Giant cell tumor of the skull in pediatric patients

Abstract

Giant cell tumors of the bone are rare, locally aggressive lesions that primarily affect the epiphyses of long bones. These tumors can occur in the skull, principally in the sphenoid and temporal bones. Symptoms of these tumors depend on their site of origin but typically include headache, pain, visual field defects, and conductive hearing loss. Histologically, these tumors consist of three cell types: osteoclast-like multinucleated giant cells; round mononuclear cells resembling monocytes; and spindle-shaped, fibroblast-like stromal cells. Radiographically, the tumors appear osteolytic and radiolucent without a sclerotic border. These tumors typically present in the third to fourth decades of life and rarely occur in patients under 20 years of age. The small number of studies of giant cell tumors of the skull has focused on the adolescent and adult populations. The authors report two cases of giant cell tumors of the skull in pediatric patients. In the first case, a 2-year-old girl presented with swelling behind the right ear.
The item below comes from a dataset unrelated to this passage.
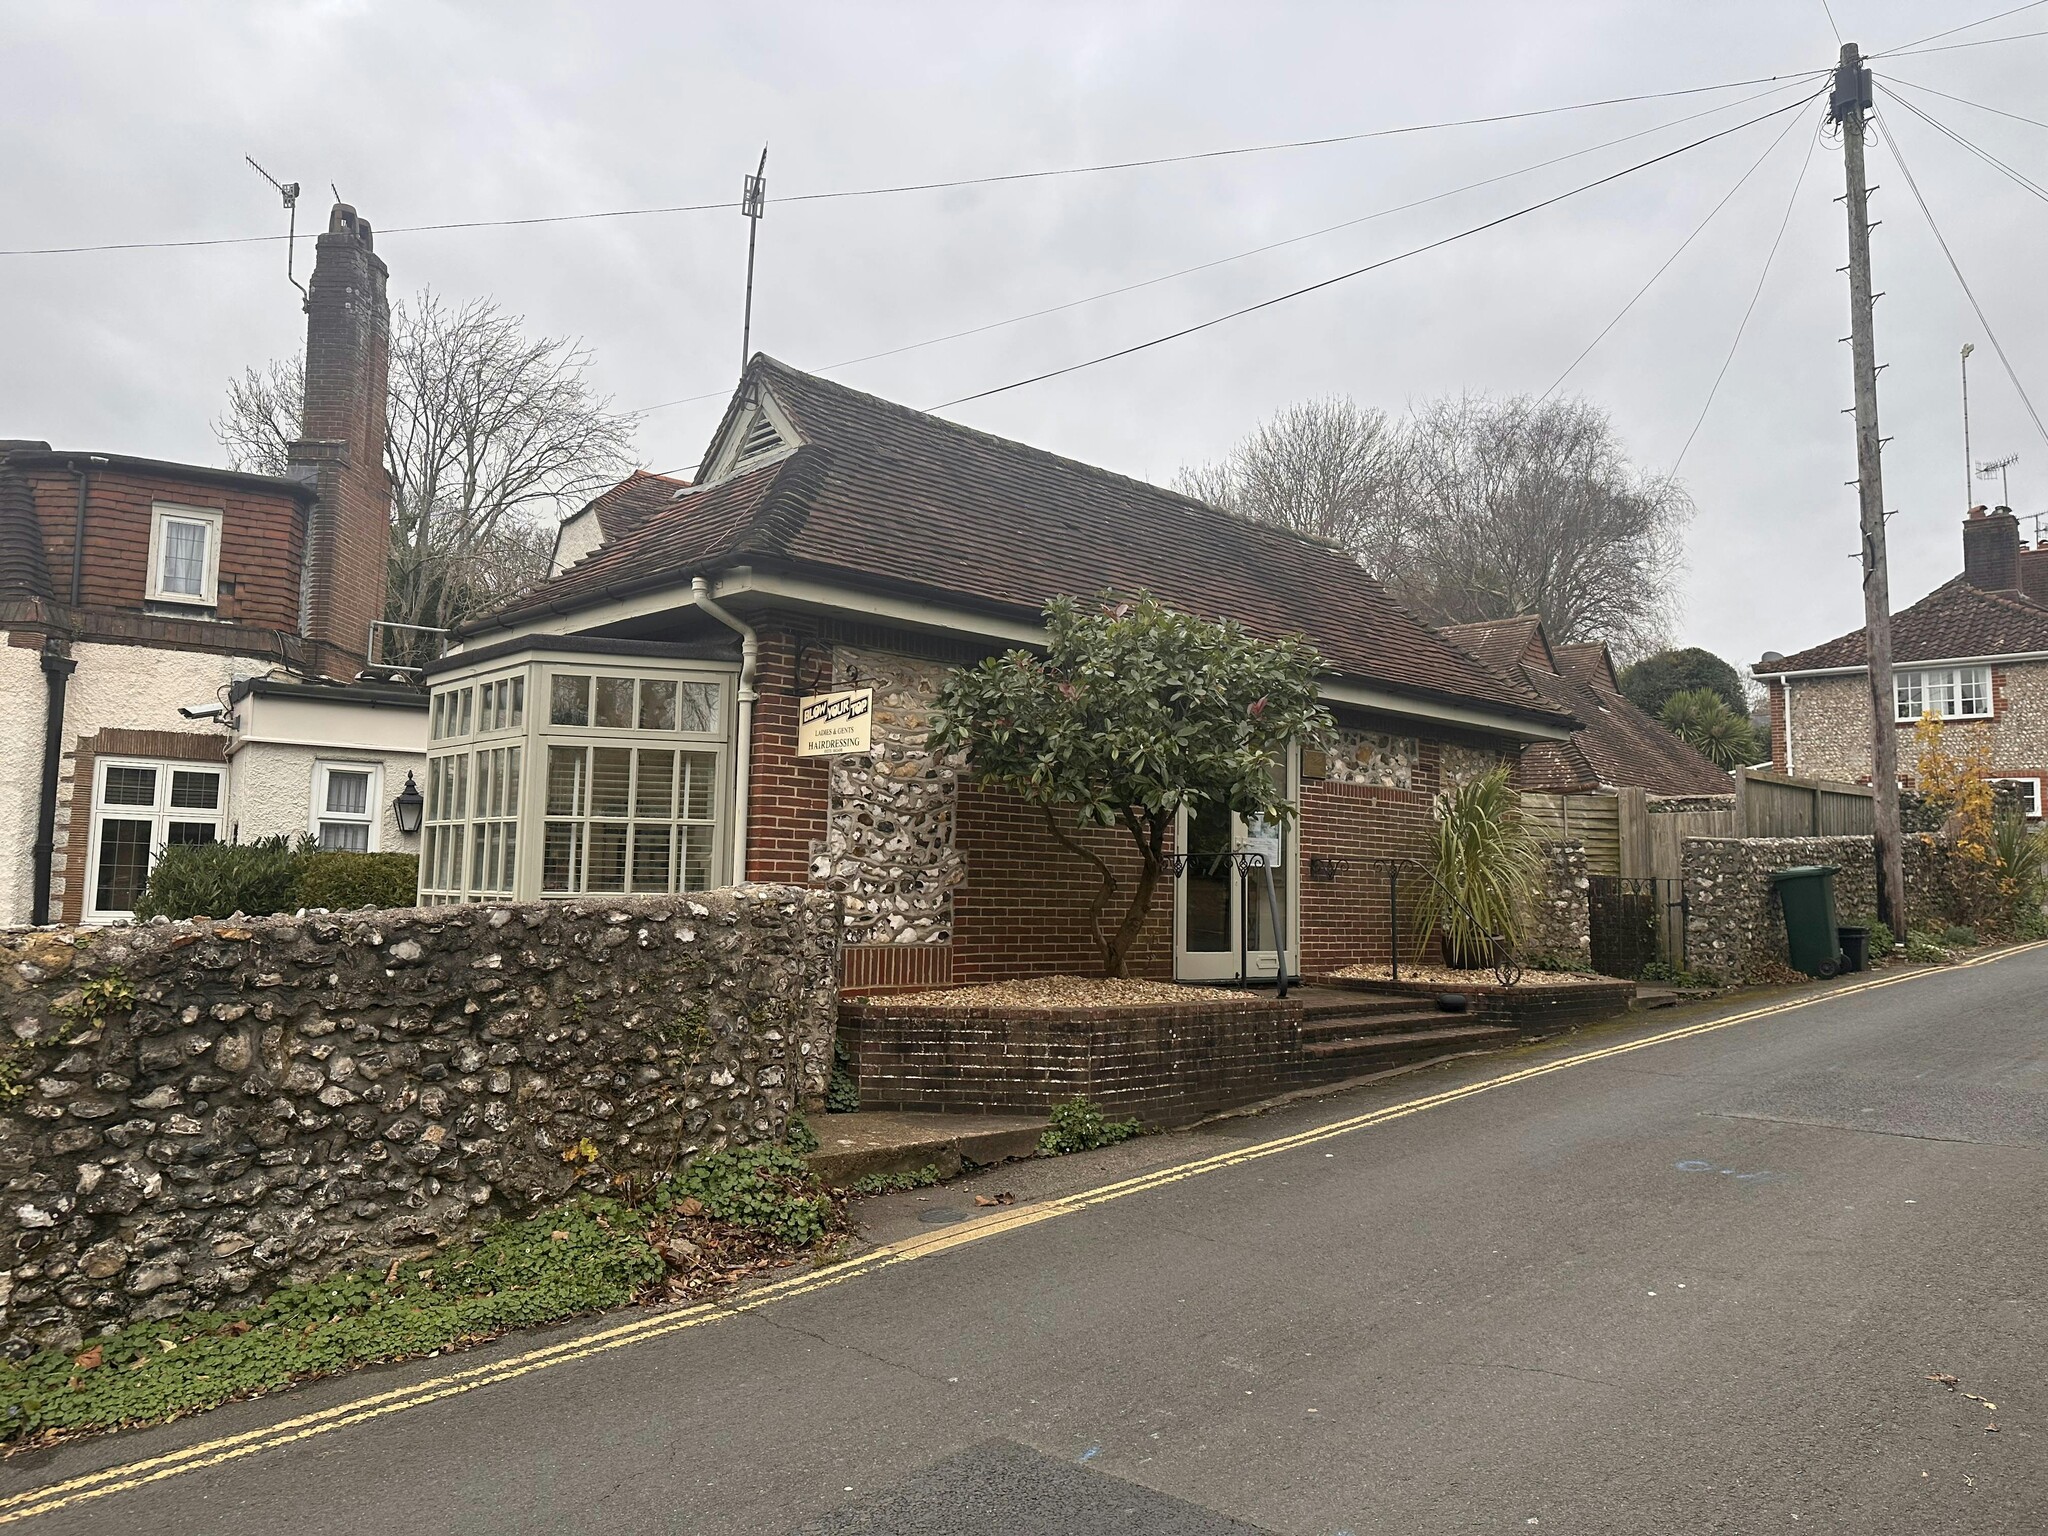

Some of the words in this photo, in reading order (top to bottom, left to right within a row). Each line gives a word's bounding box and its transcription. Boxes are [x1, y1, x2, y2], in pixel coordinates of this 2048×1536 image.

In the second case, a 7-week-old girl presented with a mass within the external auditory canal. Both patients underwent metastatic workup and biopsy procedures before resection of the tumor. Both case reports contribute to the literature of giant cell tumors of the skull by describing this condition in pediatric patients. To the authors' knowledge, these cases represent the youngest two patients with giant cell tumors of the skull yet described.